After this there's your typical amount of brooding, until Julie's nice grandmother whips Johnny into action, leading to a basic and cheesy speech, immediately reuniting the couple. This isn't the end of the movie though, because there's one more fight left! And it's in the most bizarre edit imagineable! Brad wants to fight, but Johnny refuses him. Brad slaps him, and when Johnny's face turns back, suddenly they're in the ring hours later! Excuse me? Did I sit on the remote? It's a cool transition, but I feel that maaaybe there were a few things in the middle that had to be explained first?
And lastly, we come to the ending. It's a cool fight, though I question how Brad's open cheating doesn't get him disqualified, or him trying to murder Johnny with a samurai sword.
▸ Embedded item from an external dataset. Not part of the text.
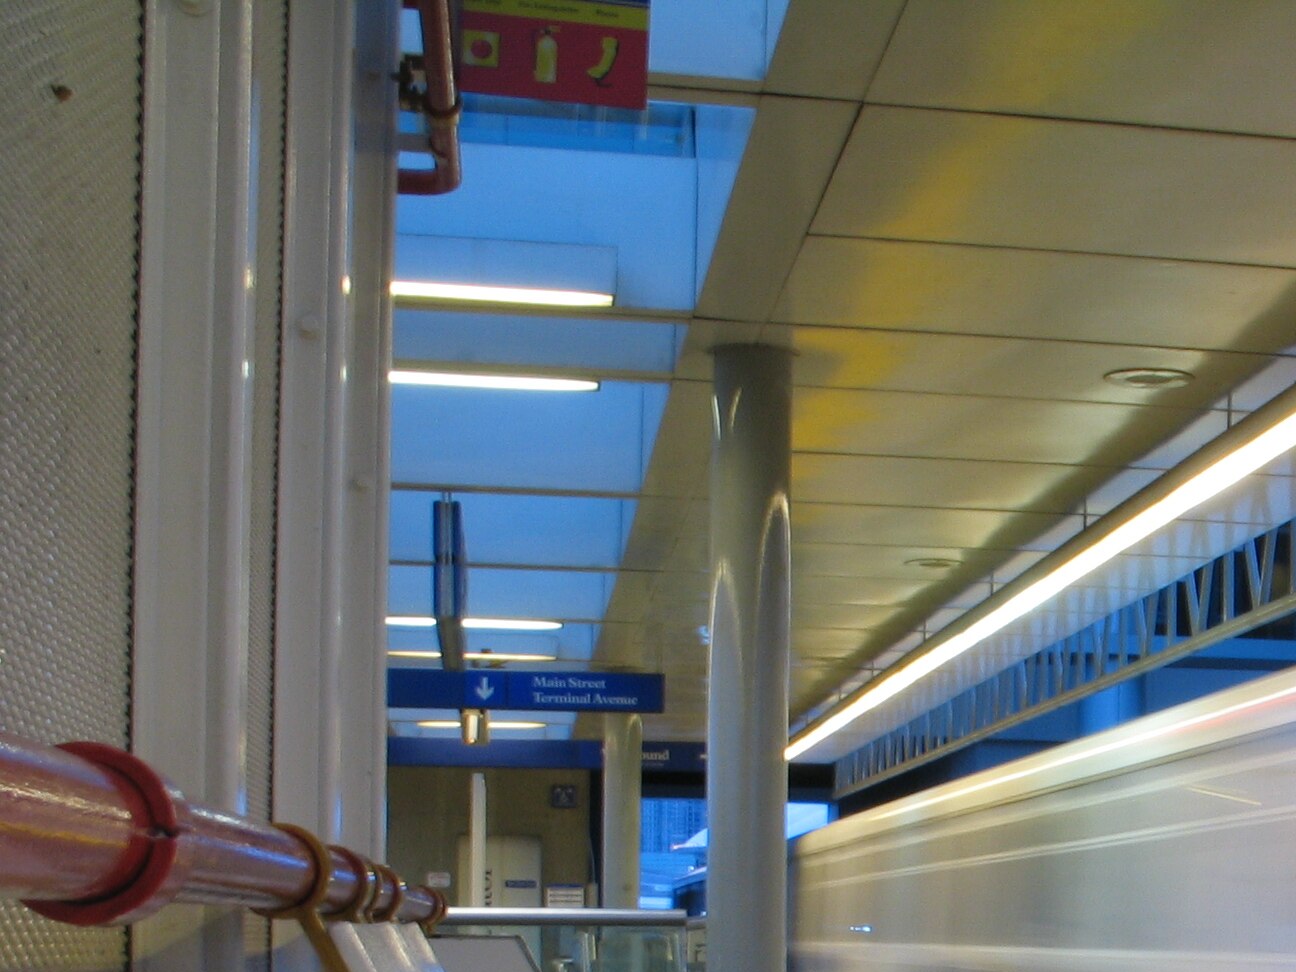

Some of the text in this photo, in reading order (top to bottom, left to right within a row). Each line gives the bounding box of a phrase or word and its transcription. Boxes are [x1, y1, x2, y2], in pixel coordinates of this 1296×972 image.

[533, 676, 606, 689] Main Street
[532, 692, 638, 706] Terminal Avenue
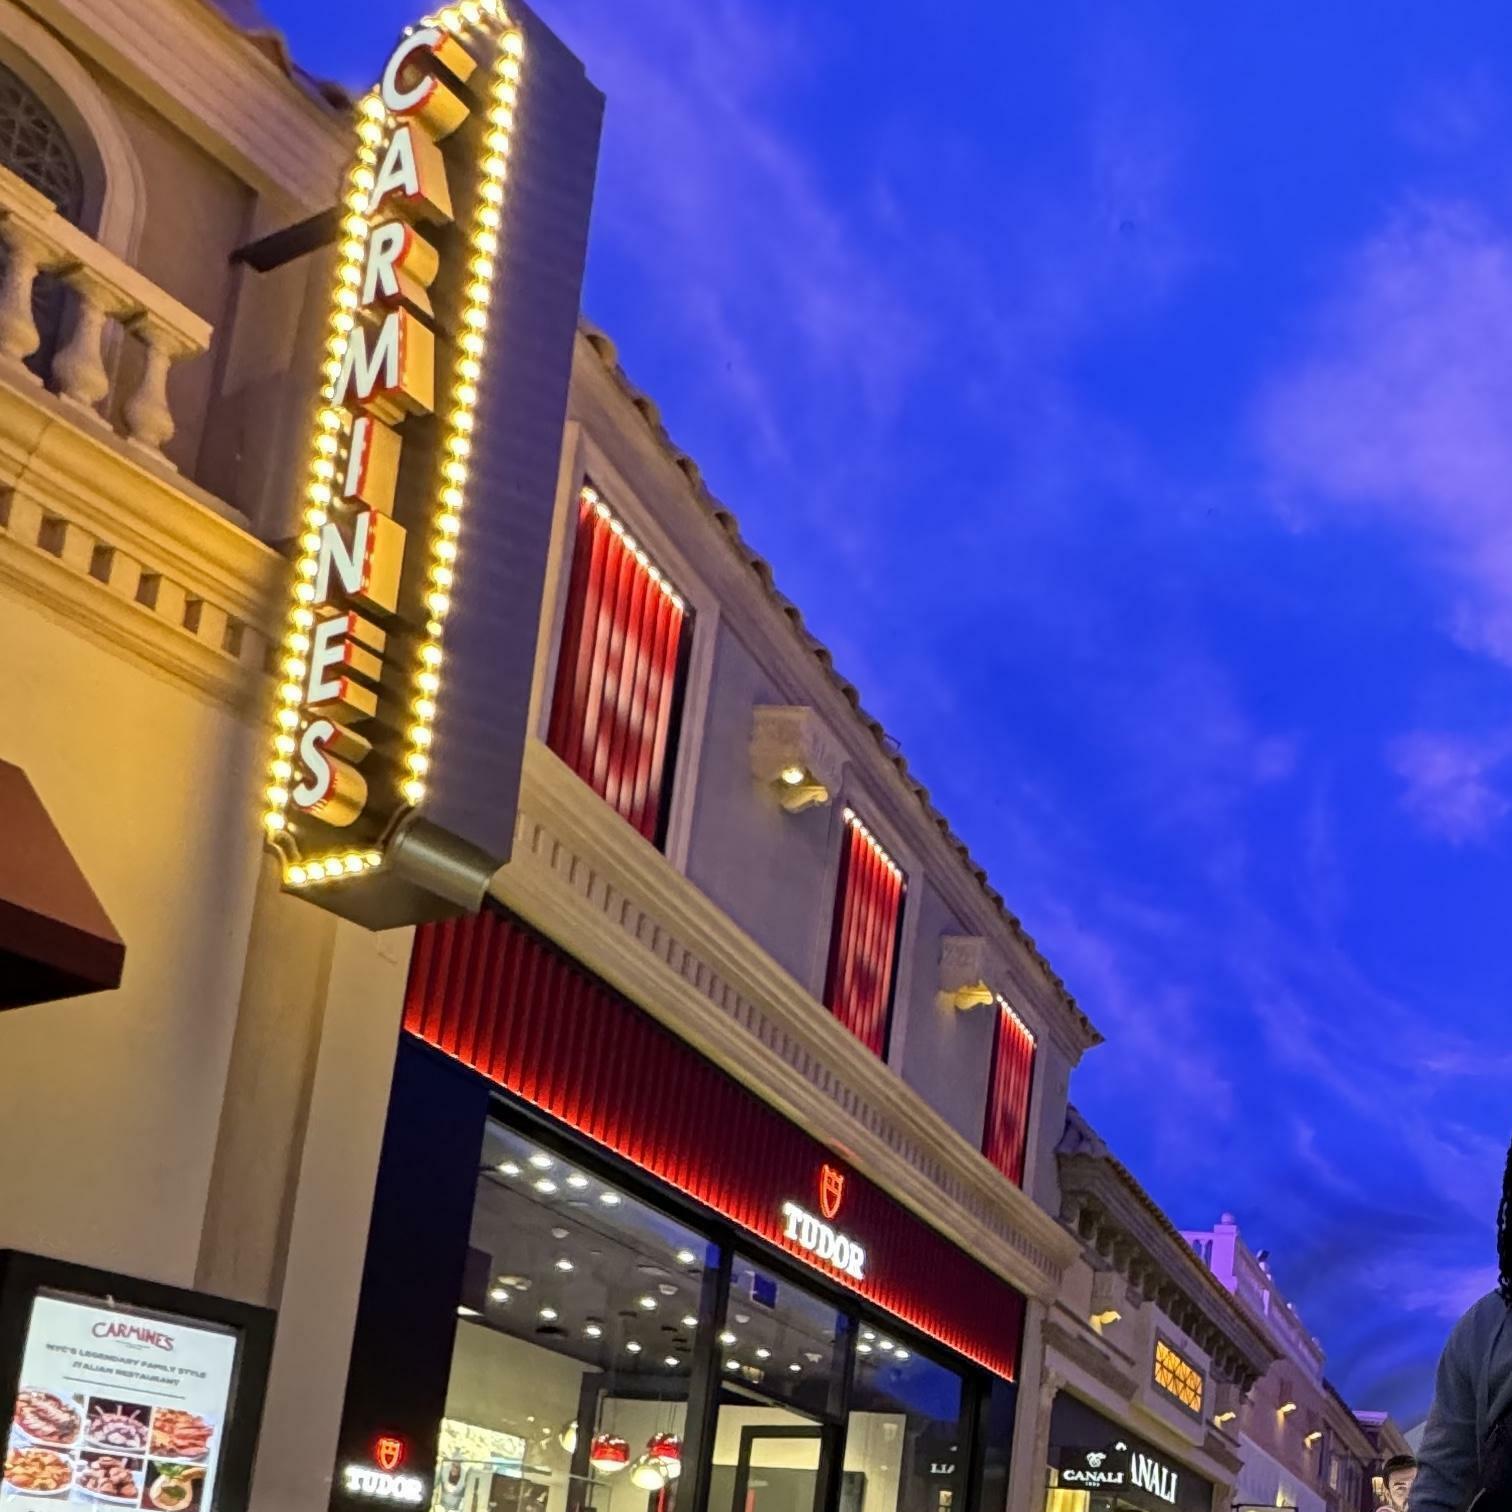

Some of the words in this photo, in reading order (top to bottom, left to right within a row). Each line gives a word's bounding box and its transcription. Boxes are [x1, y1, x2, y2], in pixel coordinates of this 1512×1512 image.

Then the movie just stops, with zero resolution to anything. Don won the fight and that's all that matters, [and I guess we're just to assume that Julie's ok after being stabbed/impaled].
There's a pretty distinctive cast of characters here, some good, others not so much, but most are memorable enough, Johnny is a good lead His cousin Terry is a likeable goofball, despite his somewhat terrible decision making, and a fundamentally flawed understanding of Thai street boxing. Julie's a sweet girl, despite her idiocy in the last act, while her brother is a good villain.
The remainder of the cast are mostly fine, though too numerous to mention, which leads into the next point. Some of the characters felt unnecessary, like the grouchy police inspector. He doggedly = everyone's tracks, but the one time you'd expect him to really step up his game he's nowhere to be seen! I am glad at least though that his character doesn't go too far. He's a pain in the ass, but once Terry dies, he's more apologetic than accusatory. A shame he never really got a final scene. Given what happens in the ending he really should've!
While there may not be a lot of it, the kickboxing and martial arts on display in Ring of Fire is neat! Some of the editing might not capture it perfectly, but for the most part the choreography and stunt work here is commendable.
The soundtrack here is fun enough, and cheesy in a very late 80s/early 90s way, as well as overdramatic in certain scenes. Nothing to complain about. Funnily enough the same can be said of the acting. Wilson and Maria Ford are fine, and while everyone gets their over-the-top moment, some worse than others, the two leads are always good.